▸ Dataset extract:
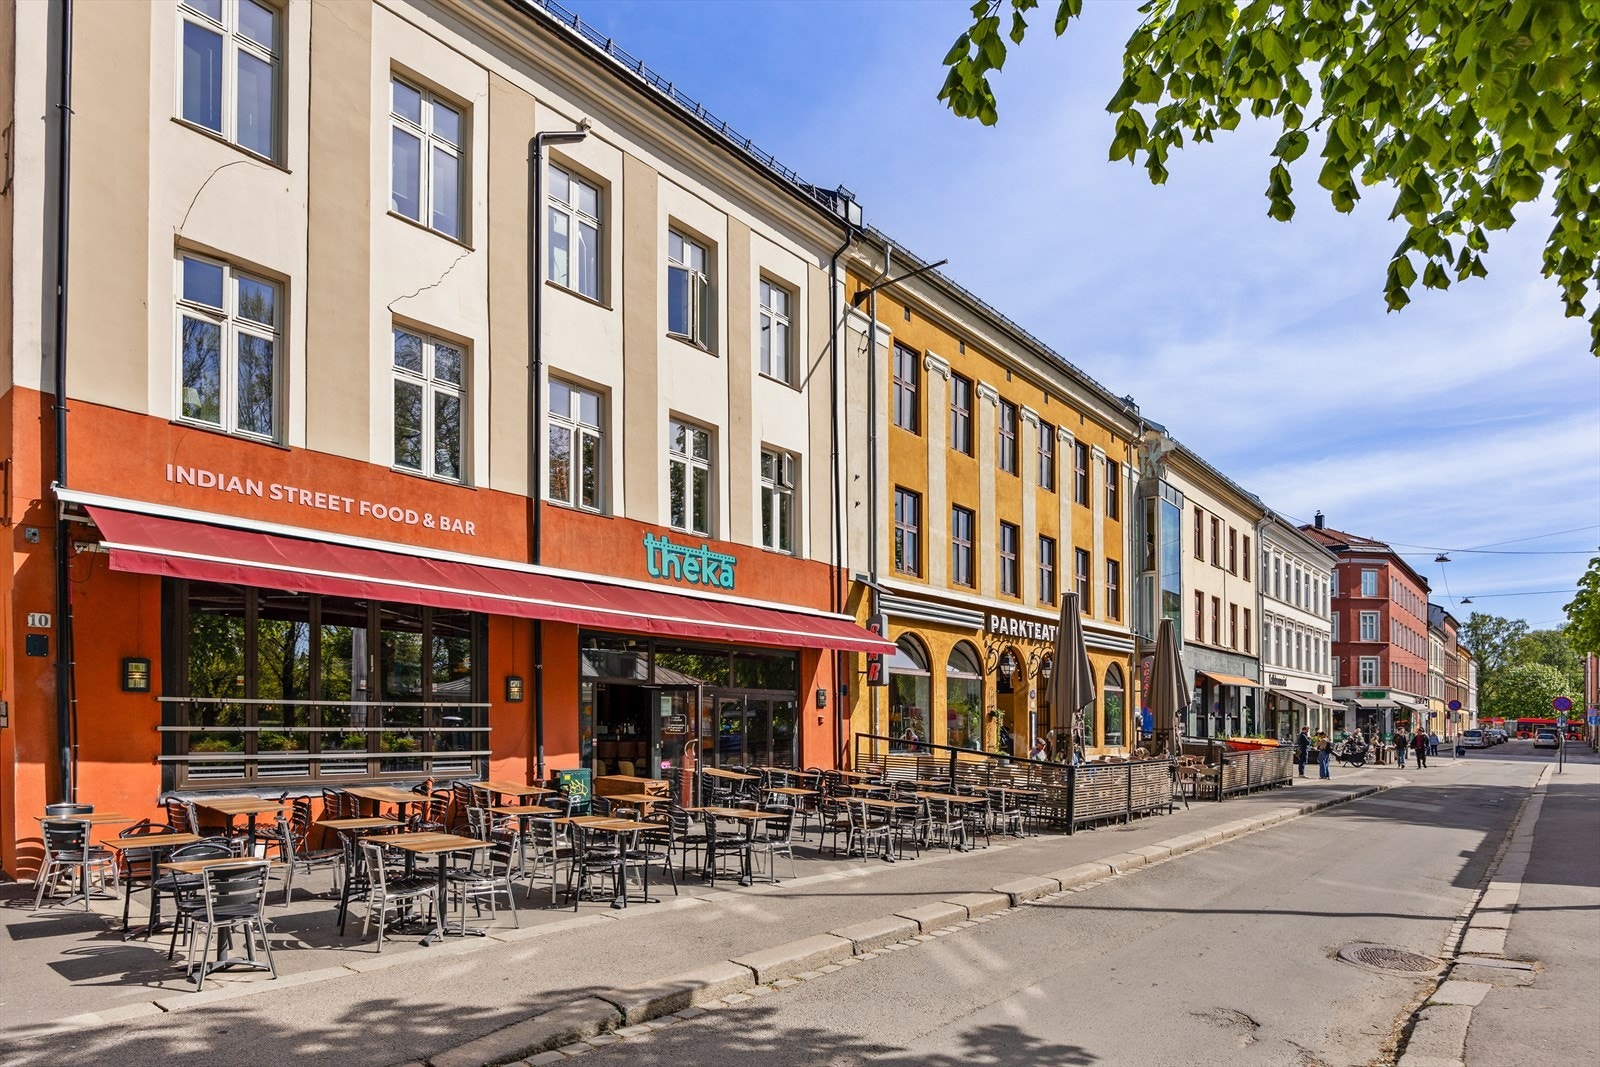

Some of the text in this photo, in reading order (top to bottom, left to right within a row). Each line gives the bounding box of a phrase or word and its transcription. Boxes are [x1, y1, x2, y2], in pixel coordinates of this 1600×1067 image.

[166, 463, 476, 536] INDIAN STREET FOOD & BAR
[643, 532, 736, 589] theka
[30, 614, 49, 627] 10
[990, 614, 1059, 641] PARKTEAT

▸ Try it:
Set down every entry exactly as it appears, but skip the pictures.

▸ Task result:
Some of the text in this photo, in reading order (top to bottom, left to right within a row). Each line gives the bounding box of a phrase or word and its transcription. Boxes are [x1, y1, x2, y2], in pixel coordinates of this 1600×1067 image.

[166, 463, 476, 536] INDIAN STREET FOOD & BAR
[643, 532, 736, 589] theka
[30, 614, 49, 627] 10
[990, 614, 1059, 641] PARKTEAT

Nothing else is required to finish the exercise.